# [How to complete this task]
If any record holds an image, omit the image and print the rest exactly.
/---
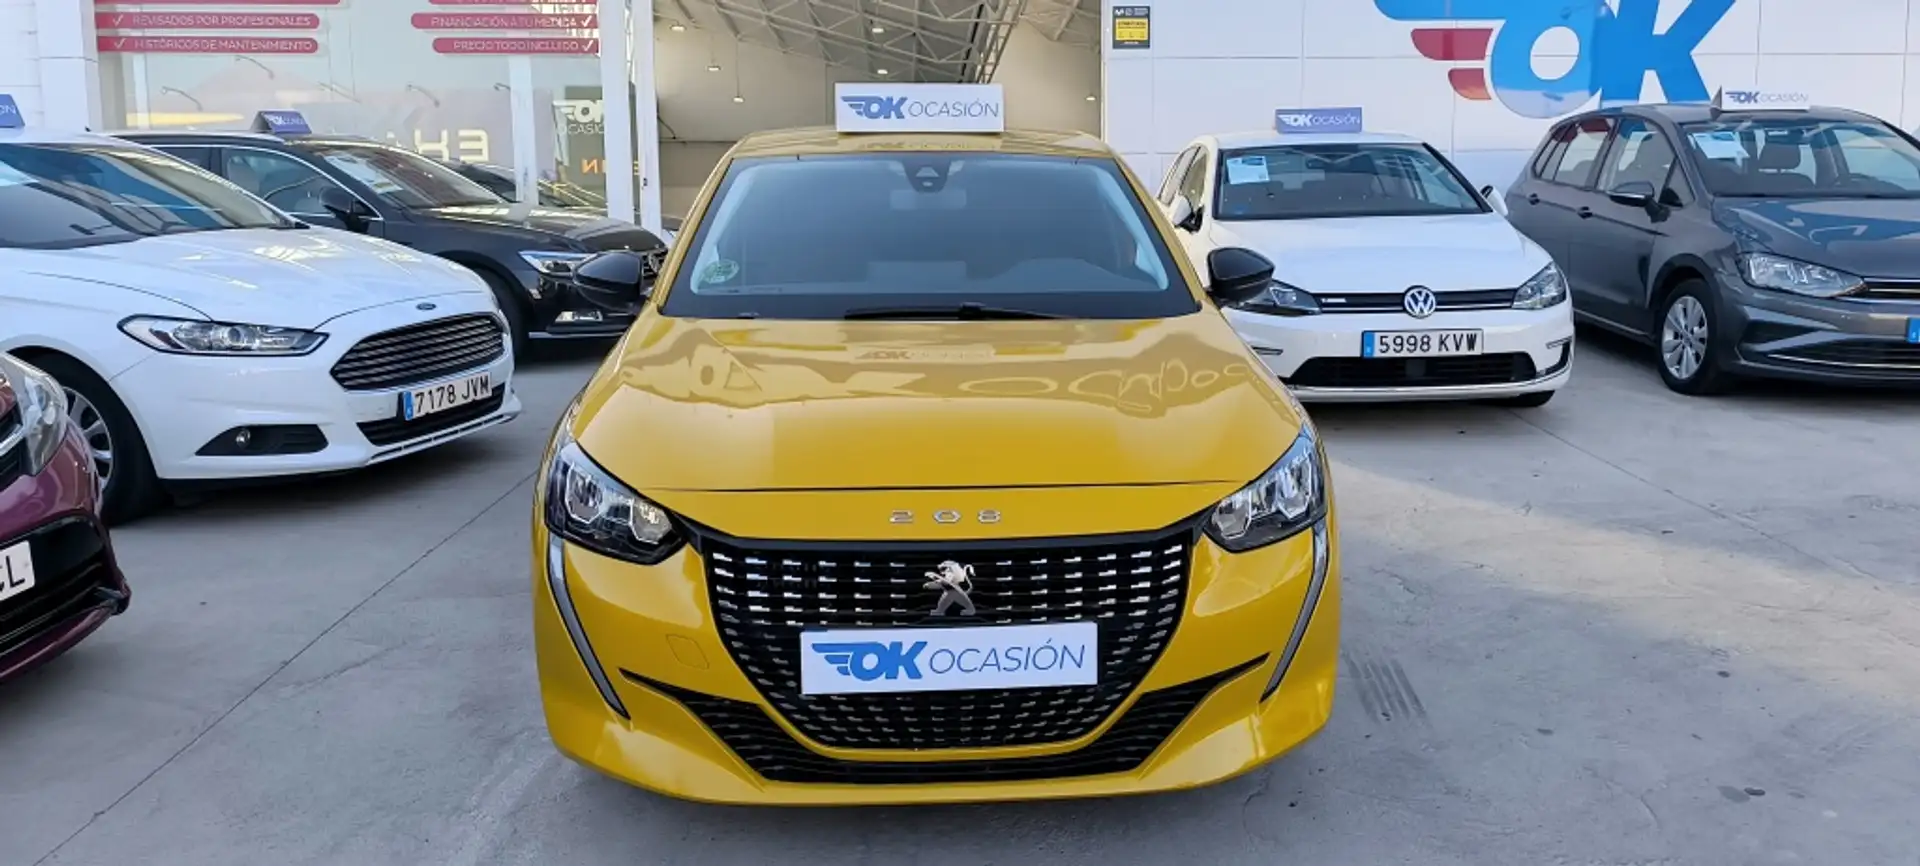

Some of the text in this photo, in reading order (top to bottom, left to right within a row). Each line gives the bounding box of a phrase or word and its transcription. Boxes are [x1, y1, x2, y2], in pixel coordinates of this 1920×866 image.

[132, 16, 311, 26] REVISADOS POR PROFESIONALES
[431, 16, 508, 27] FINANCIACIÓN
[134, 38, 313, 51] HISTÓRICOS DE MANTENIMIENTO
[453, 41, 493, 51] PRECIO
[527, 41, 579, 51] INCLUIDO
[908, 98, 999, 118] OCASIÓN
[1312, 112, 1361, 126] OCASIÓN
[1379, 332, 1478, 354] 5998 KVW
[415, 375, 490, 414] 7178 JVM
[889, 509, 1001, 523] 208
[849, 638, 1086, 681] OK OCASIÓN
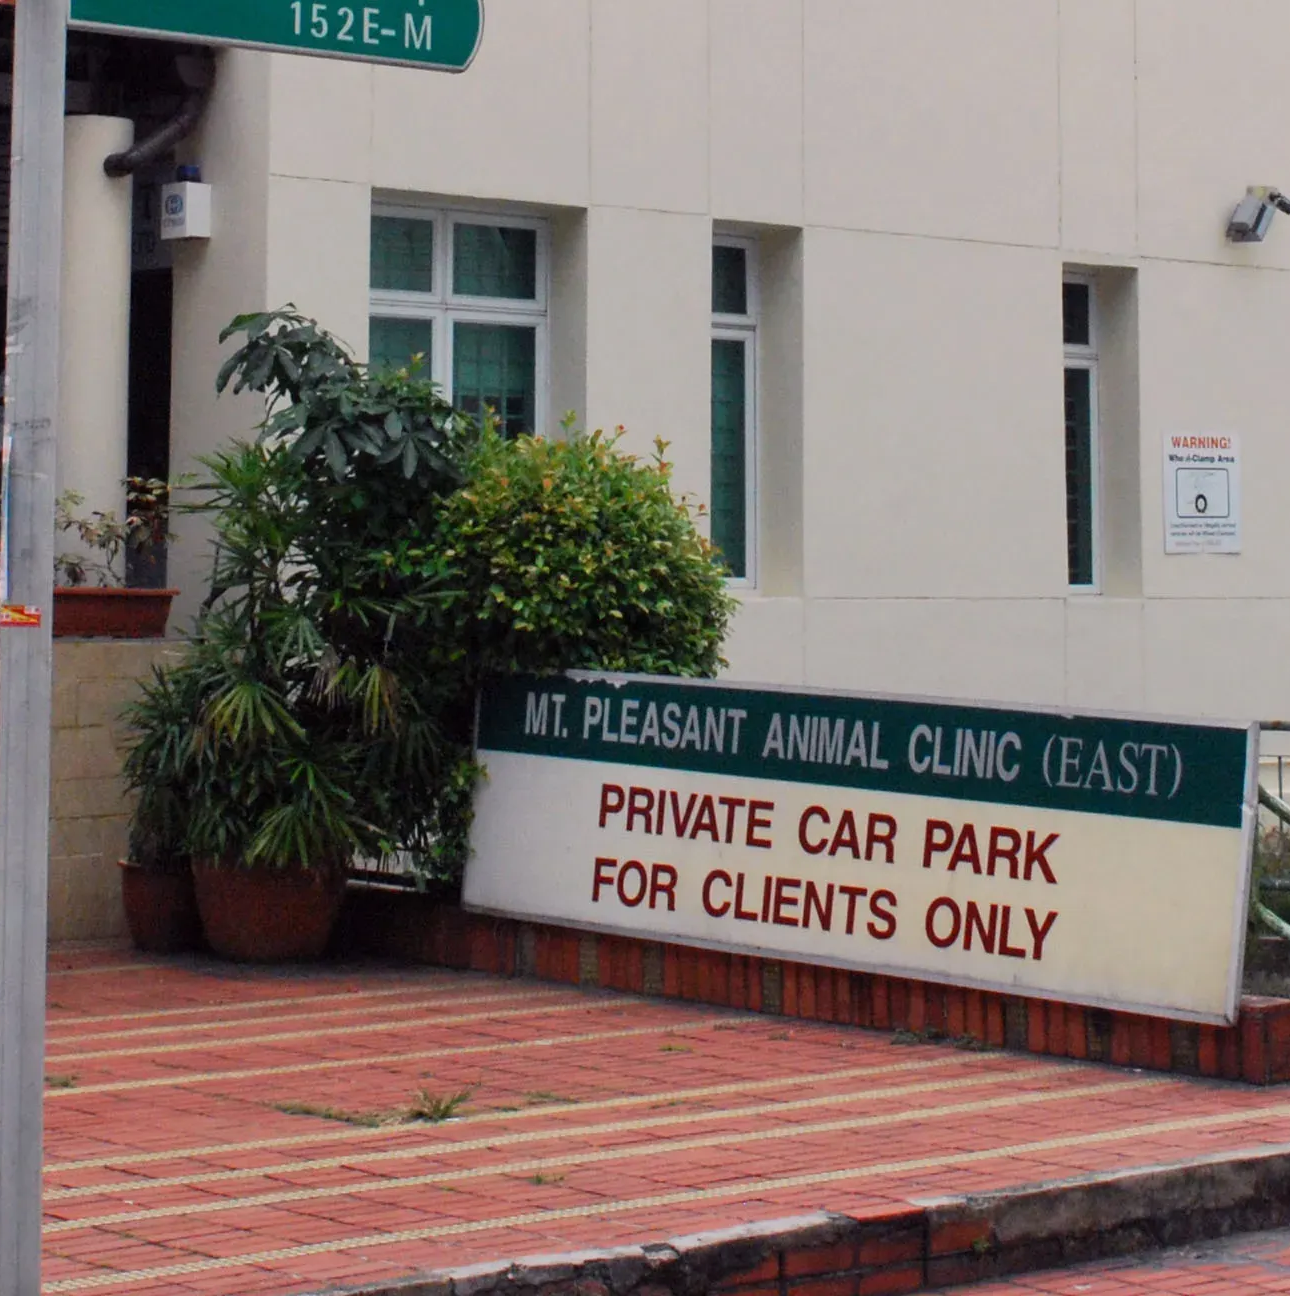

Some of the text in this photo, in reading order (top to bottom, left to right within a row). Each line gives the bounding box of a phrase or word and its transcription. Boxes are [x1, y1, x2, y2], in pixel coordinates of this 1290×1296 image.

[288, 0, 434, 53] 152E-M
[1171, 435, 1232, 449] WARNING!
[524, 691, 1184, 800] MT. PLEASANT ANIMAL CLINIC (EAST)
[597, 782, 1061, 886] PRIVATE CAR PARK
[591, 856, 1060, 962] FOR CLIENTS ONLY
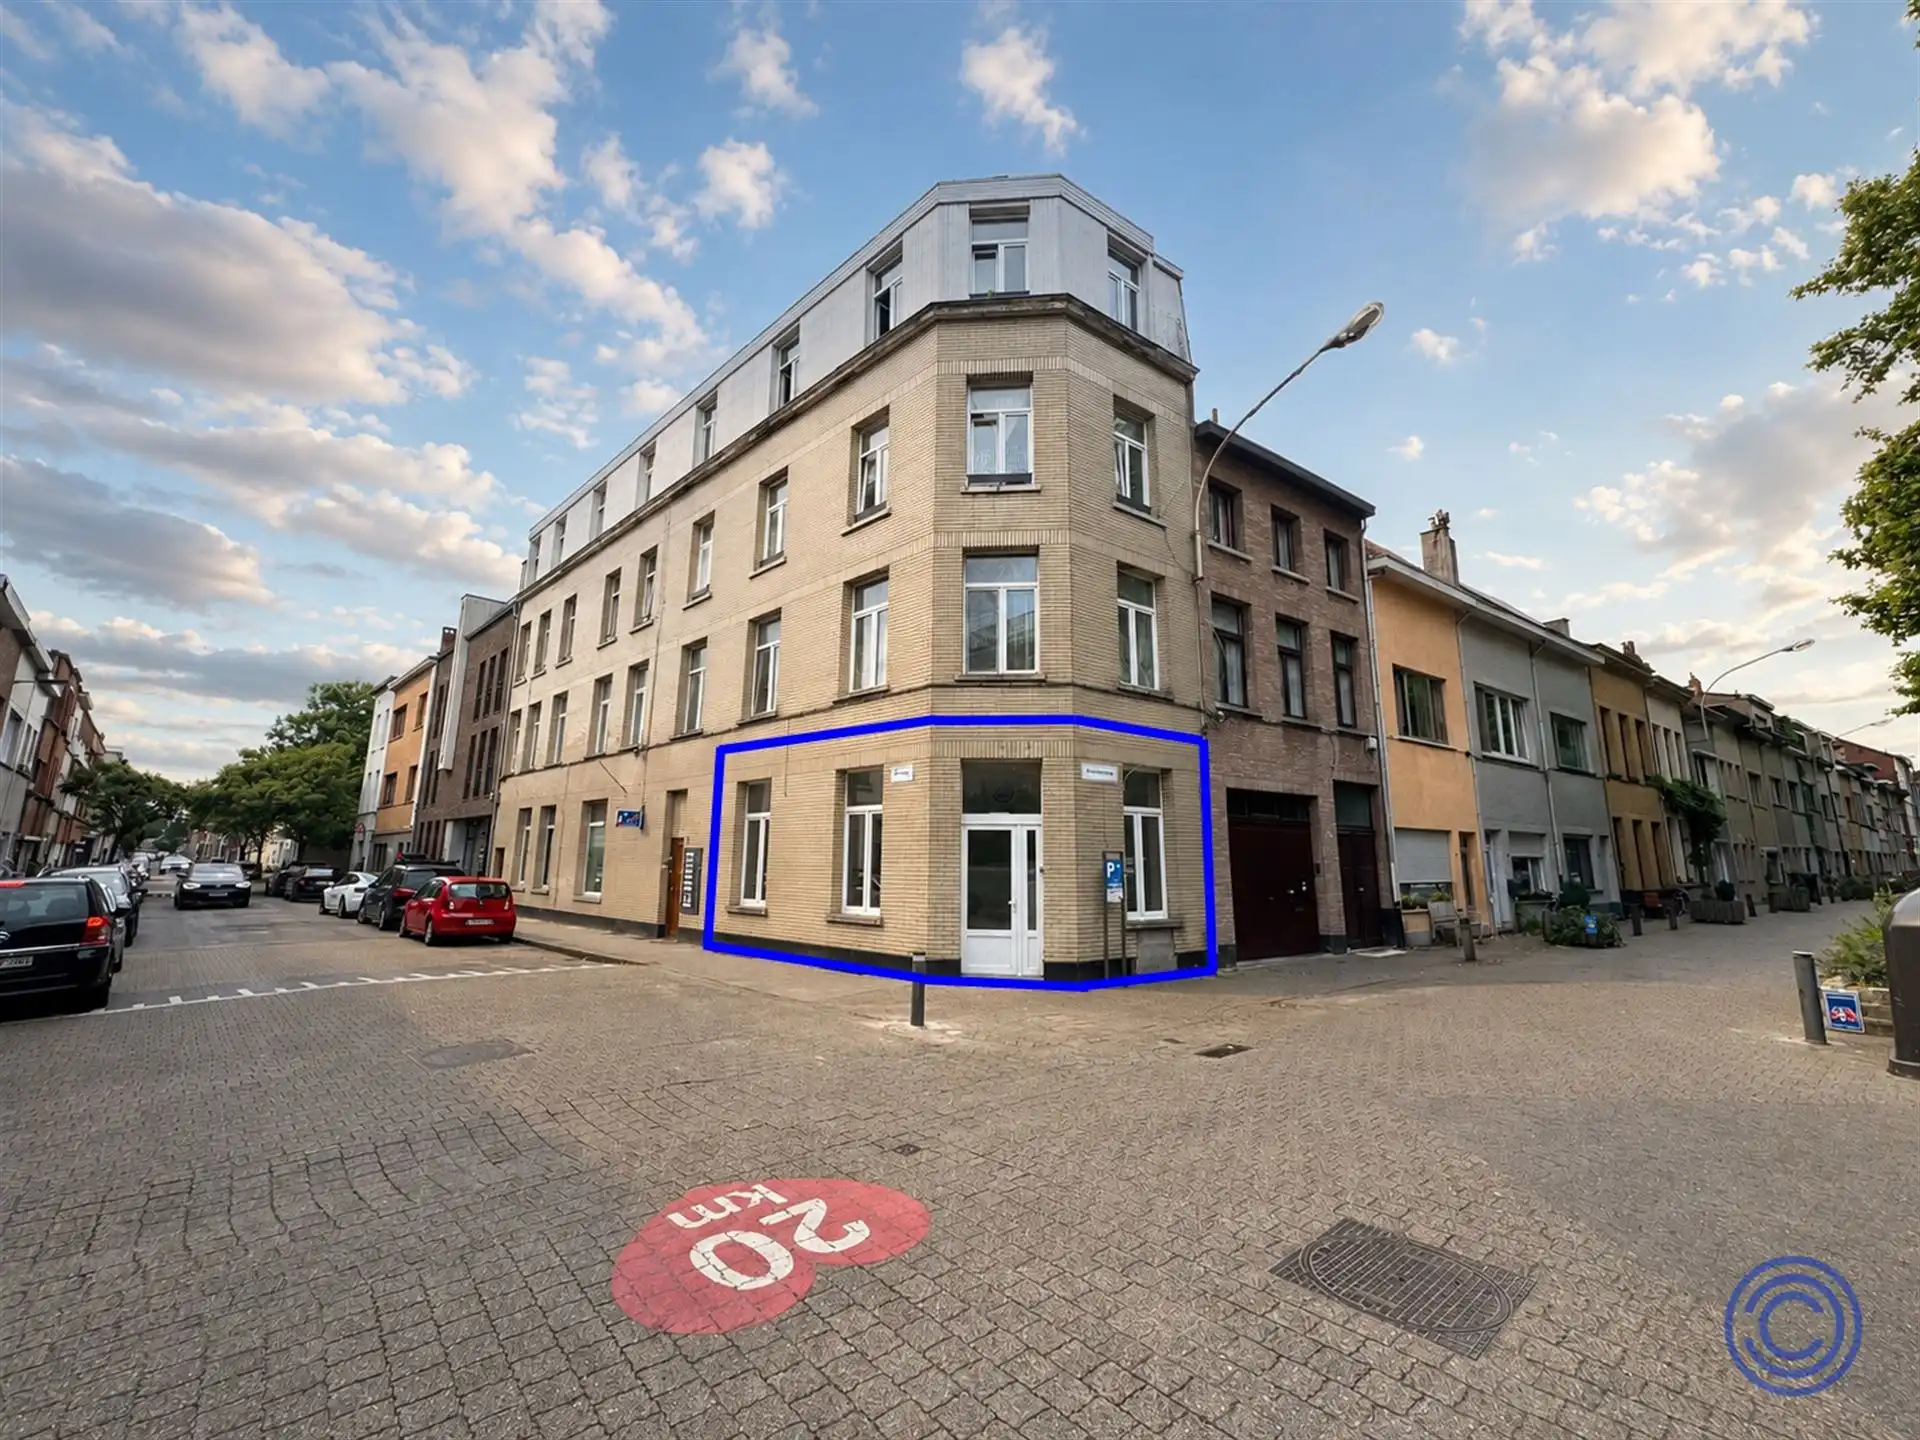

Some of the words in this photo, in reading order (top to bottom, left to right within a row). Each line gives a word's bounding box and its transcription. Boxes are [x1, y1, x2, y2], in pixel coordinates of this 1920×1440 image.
\---
# [Exercise response]
Some of the text in this photo, in reading order (top to bottom, left to right within a row). Each line gives the bounding box of a phrase or word and its transcription. Boxes are [x1, y1, x2, y2], in pixel coordinates of this 1920×866 image.

[132, 16, 311, 26] REVISADOS POR PROFESIONALES
[431, 16, 508, 27] FINANCIACIÓN
[134, 38, 313, 51] HISTÓRICOS DE MANTENIMIENTO
[453, 41, 493, 51] PRECIO
[527, 41, 579, 51] INCLUIDO
[908, 98, 999, 118] OCASIÓN
[1312, 112, 1361, 126] OCASIÓN
[1379, 332, 1478, 354] 5998 KVW
[415, 375, 490, 414] 7178 JVM
[889, 509, 1001, 523] 208
[849, 638, 1086, 681] OK OCASIÓN

Some of the text in this photo, in reading order (top to bottom, left to right within a row). Each line gives the bounding box of a phrase or word and its transcription. Boxes are [x1, y1, x2, y2], in pixel coordinates of this 1290×1296 image.

[288, 0, 434, 53] 152E-M
[1171, 435, 1232, 449] WARNING!
[524, 691, 1184, 800] MT. PLEASANT ANIMAL CLINIC (EAST)
[597, 782, 1061, 886] PRIVATE CAR PARK
[591, 856, 1060, 962] FOR CLIENTS ONLY

Some of the words in this photo, in reading order (top to bottom, left to right within a row). Each line gives a word's bounding box and its transcription. Boxes are [x1, y1, x2, y2], in pixel coordinates of this 1920×1440 image.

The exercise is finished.